Pakistan’s own Khan Academy

Currently, the project is being scaled up to over 800 high schools in Punjab

The writer is Chairman of the Punjab Information Technology Board and tweets @umarsaif

Ghost schools, bogus enrolment, absent teachers, out-of-school children — Pakistan’s public-sector school education system is trapped in complicated challenges. Punjab alone has over 52,000 schools, more than 12 million students and close to 400,000 teachers. Around four years ago, the Punjab Information Technology Board (PITB) started rolling out a series of IT systems for monitoring schools, computerising school enrolment and ensuring teacher presence. Our system works on computer tablets, enabling close to 1,300 monitoring officers to randomly visit schools each month and report data about school facilities, teacher presence and student attendance. The data is geo-tagged (using the tablet’s GPS system), and must be submitted from the vicinity of the school to be accepted by our system. The report must also include geo-tagged pictures of the attendance register and the head teacher, as well as a selfie of the monitoring officer, as evidence of the visit. In the last four years, over 1.9 million inspection reports have been uploaded in the system. In a recent study, Alif Ailaan found our monitoring data to be highly correlated (over 93% correlation) with their independent assessments.
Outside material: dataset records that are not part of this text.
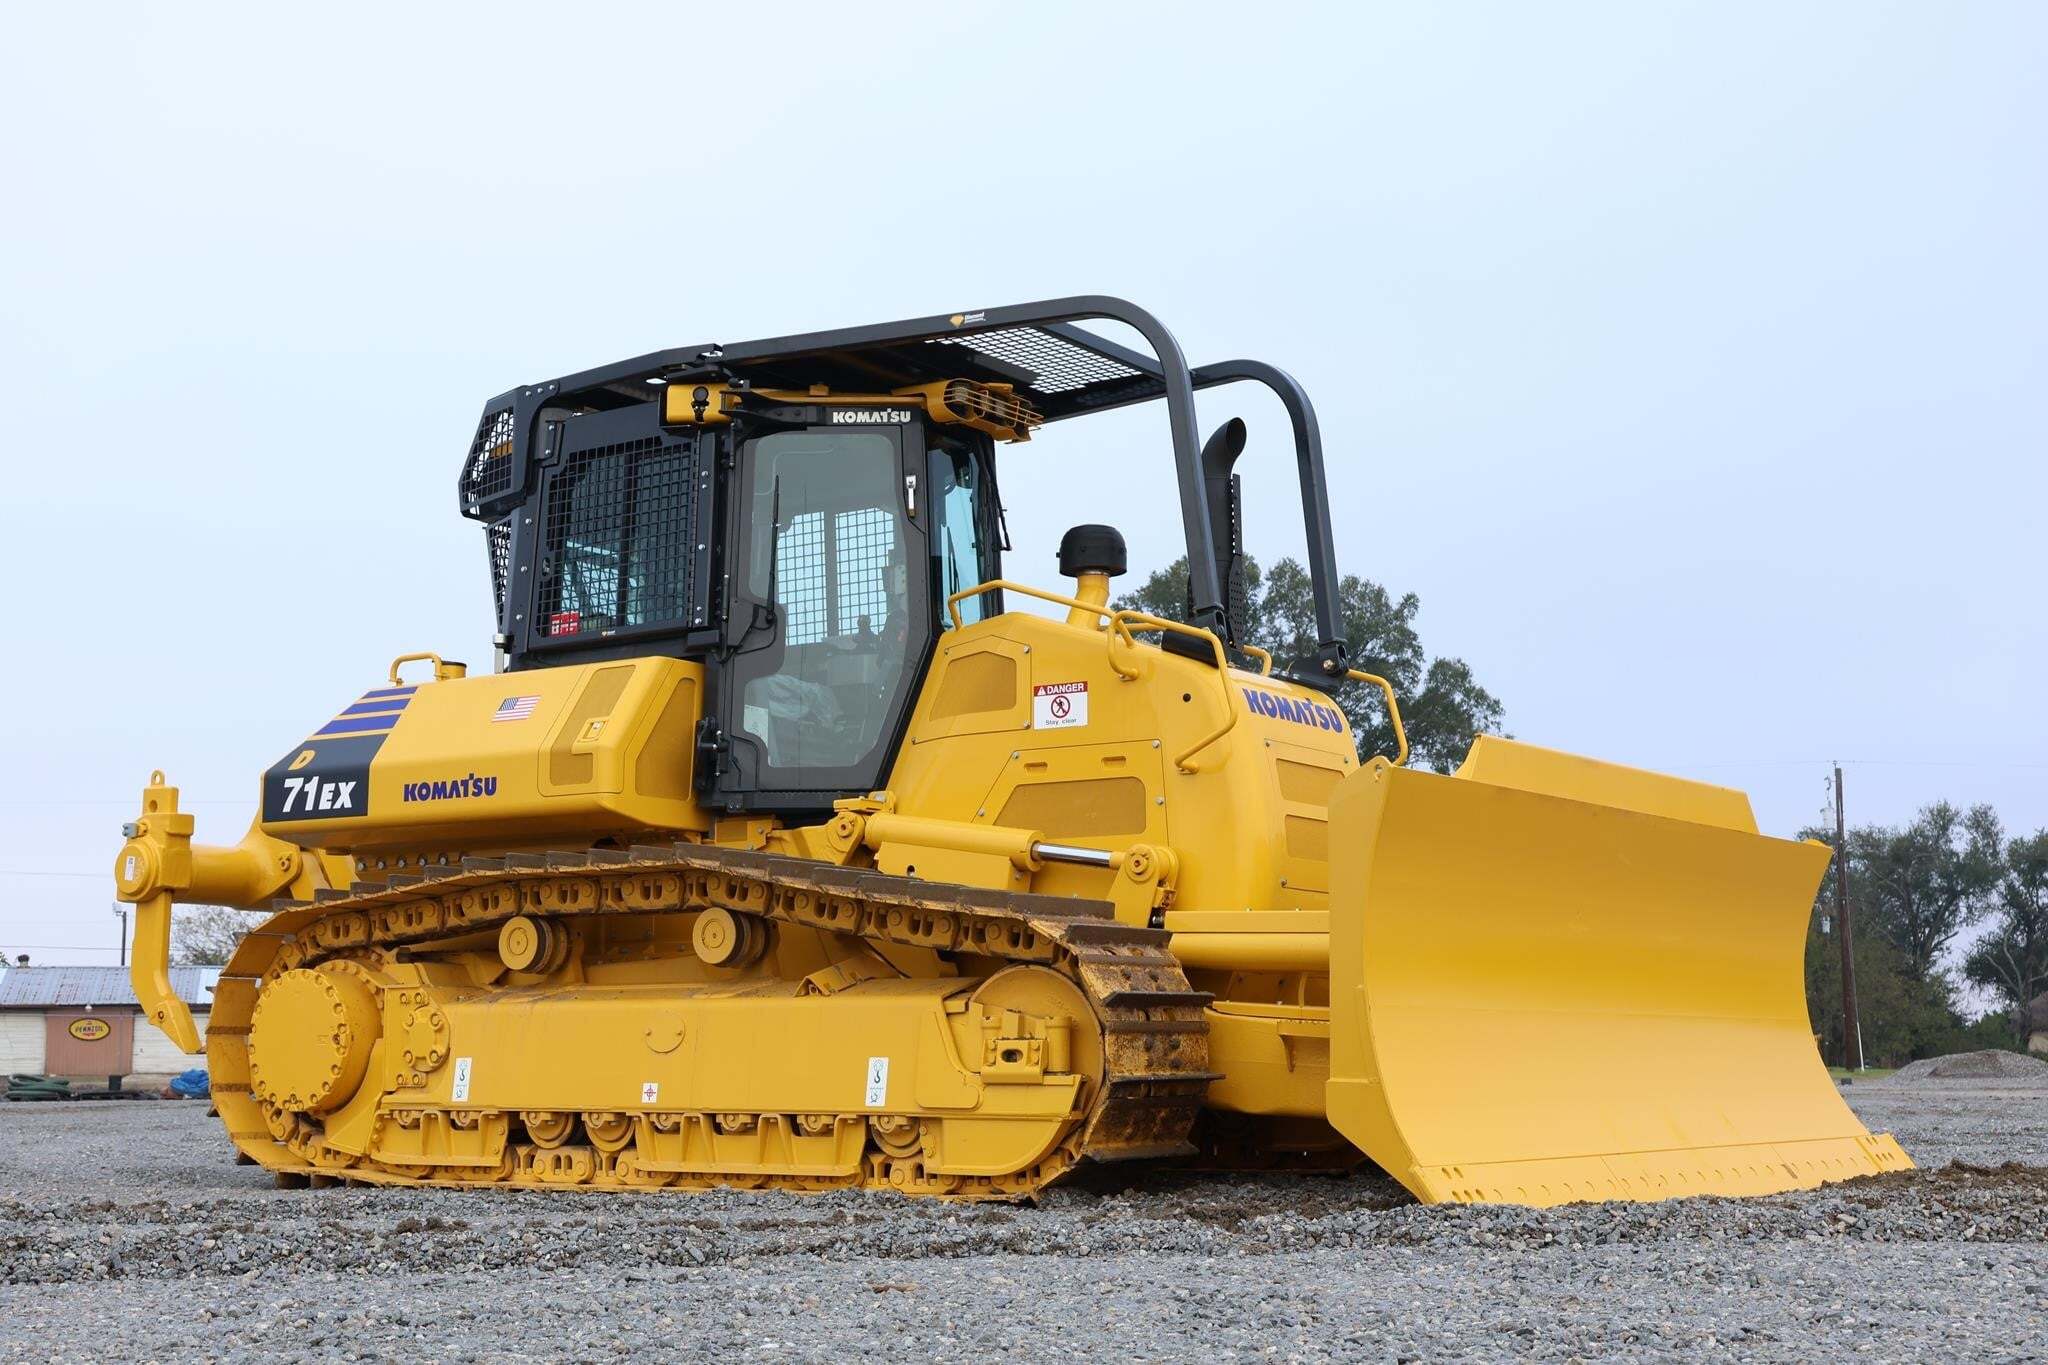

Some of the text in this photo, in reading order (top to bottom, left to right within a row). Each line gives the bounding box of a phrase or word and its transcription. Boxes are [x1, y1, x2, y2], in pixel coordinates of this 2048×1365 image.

[832, 408, 911, 423] KOMATSU
[1047, 683, 1085, 694] DANGER
[1242, 687, 1343, 733] KOMATSU
[288, 750, 315, 771] D
[403, 773, 497, 802] KOMATSU
We make all the monitoring data public in real-time to make the entire exercise fully transparent and enable all stakeholders to hold the government accountable. This data can be viewed by visiting, https://open.punjab.gov.pk/schools/. On our website, besides real-time inspection data of schools, there are comparisons with previous years to track progress and link to the official school census data for a baseline comparison.

Moreover, the same system is used to also measure Student Learning Outcomes (SLOs). As part of each school visit, the monitoring officer is mandated to conduct a pop quiz of 7-10 students using another testing application on their tablets. The quiz is generated by automatic test generation software, populated with millions of multiple-choice questions devised to measure 17 students learning outcomes from the government’s official curriculum. Currently focused on grade 3 students to measure their learning and numeracy, over 35 million tablet-based spot tests have been conducted by our monitoring officers, and the data is uploaded in real-time to our system. This learning outcome data is also made public on the same website. Our website enables visitors to compare districts across 17 SLOs and analyse the performance of grade 3 students across Punjab in terms of their basic learning and numeracy.
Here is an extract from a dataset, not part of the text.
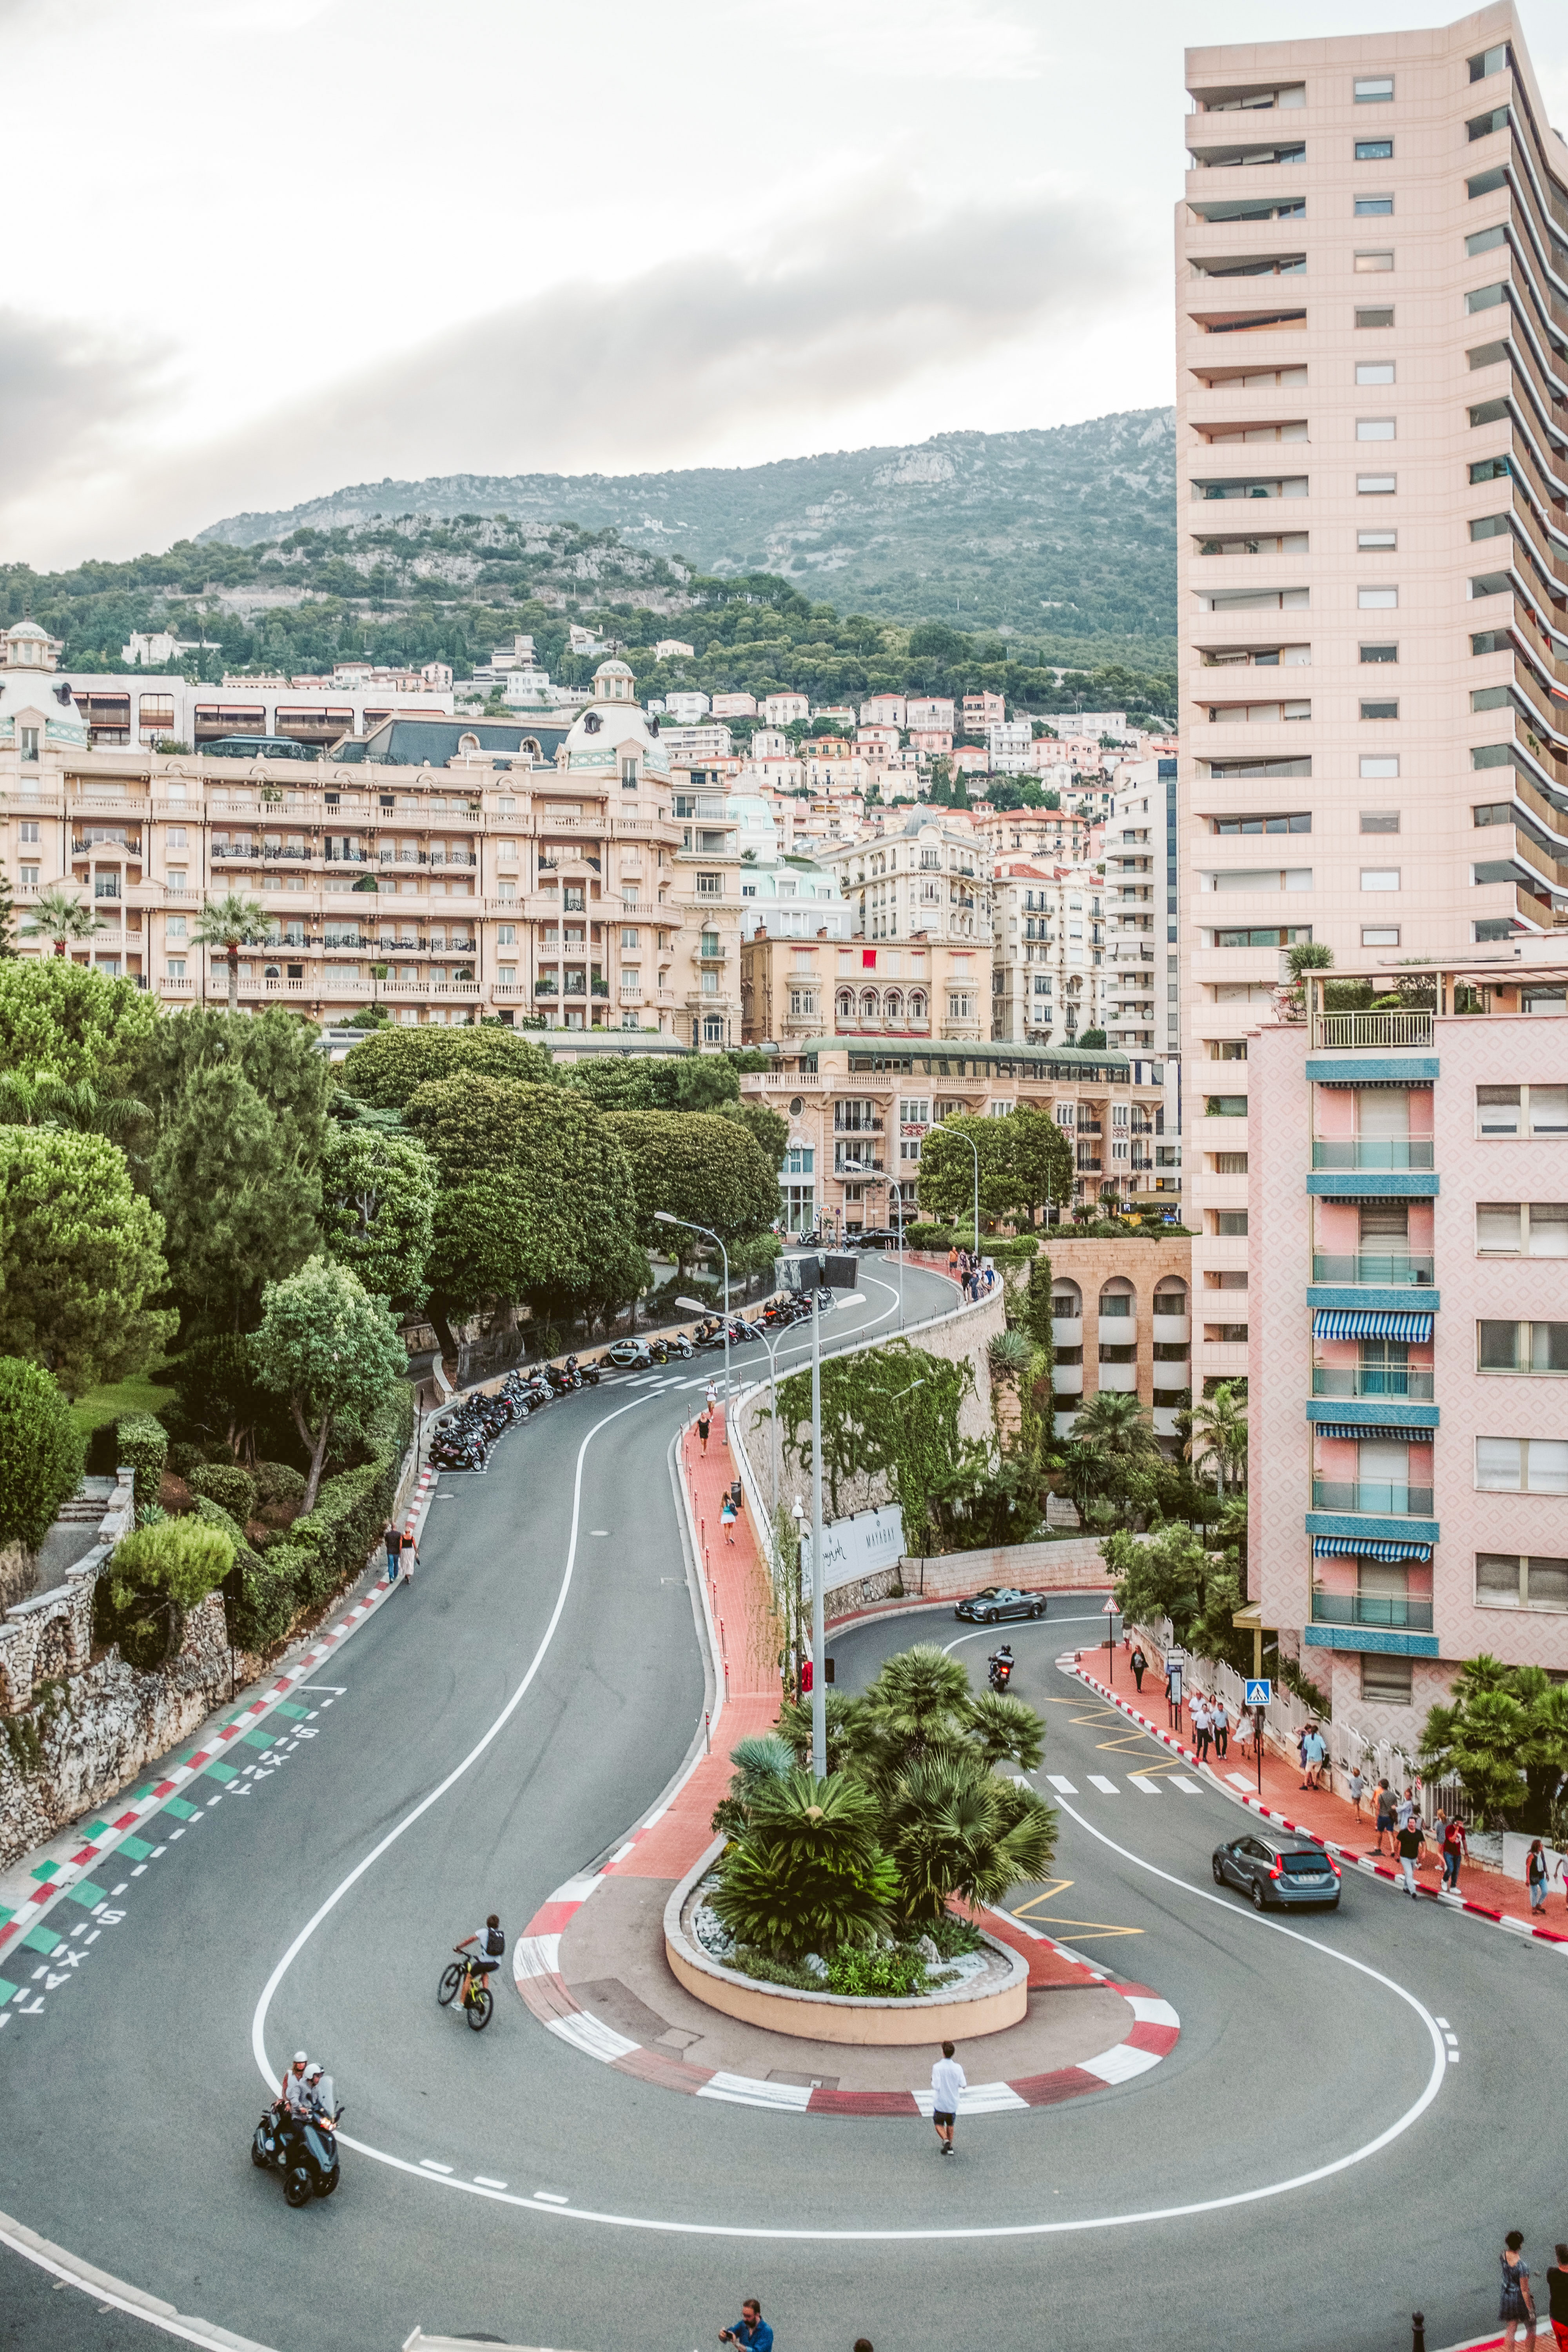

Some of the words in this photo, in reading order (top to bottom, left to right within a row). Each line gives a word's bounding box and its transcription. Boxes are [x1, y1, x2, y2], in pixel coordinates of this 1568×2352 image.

In the past four years, using this extensive system of monitoring and analysis, we have completely eliminated ghost schools in Punjab and significantly improved the performance and transparency of government schools across Punjab.
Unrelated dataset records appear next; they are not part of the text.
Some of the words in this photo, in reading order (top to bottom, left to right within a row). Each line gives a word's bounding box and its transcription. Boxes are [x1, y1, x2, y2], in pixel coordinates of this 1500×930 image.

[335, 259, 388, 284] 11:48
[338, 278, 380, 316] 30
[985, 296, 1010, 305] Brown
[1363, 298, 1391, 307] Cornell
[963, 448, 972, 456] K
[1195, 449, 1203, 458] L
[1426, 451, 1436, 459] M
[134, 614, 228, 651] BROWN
However, while this system gives us insight into school facilities, teacher presence and student attendance, the key challenge is how to ensure good teaching quality in such a vast network of schools. How do we ensure uniform teaching quality by 400,000 teachers in over 52,000 schools across Punjab?


To address this challenge, we drew inspiration from the Khan Academy, with the goal to develop our own repository of learning content which teachers can use to achieve uniform teaching quality. To achieve this, we worked with the Punjab Textbook Board for the past three years to digitise the textbooks used in our schools. A small team at the PITB and the Information Technology University (ITU) has now digitised all Science and Mathematics books from grades 6 to 12. Importantly, each book has been augmented with thousands of video lectures, illustrations, animations, simulations, games and assessments. The goal is to make the digital book a self-contained learning resource, equipping the teacher with a complete teaching guide and minimising the need for tuitions. To date, 13,047 videos, 592 simulations, 2,100 minutes of audio lectures and 1,830 animations have been added to 21 Science and Mathematics books.

In the past two years, we have focused on taking this digital content to classrooms across Punjab. To accomplish this, each Mathematics and Science teacher is given a computer tablet with pre-loaded e-learning content, and an LCD screen is installed in a classroom. The teacher can connect the tablet with the screen, teach from our pre-canned content, play the recorded video lectures, and ask the corresponding assessment questions and record student responses. Our e-learn application on the teacher’s tablet is based on a standardised lesson plan to encourage uniformity in teaching quality.

In order to evaluate the intervention, we ran a Randomised Control Trial (RCT) in 60 schools in Punjab. The one-year study, soon to be published in a research paper, produced exceptional results: Math scores of students improved by 120%; Science scores improved by 52%. Overall, the schools in which e-learn was used showed 74% improvement in test scores. The monthly project cost was less than Rs75 per student.

Currently, the project is being scaled up to over 800 high schools in Punjab. This equivalent of Pakistan’s own Khan Academy, and its application in classrooms, could become a blueprint to improve teaching standards and learning outcomes throughout the country.

Published in The Express Tribune, September 2nd, 2018.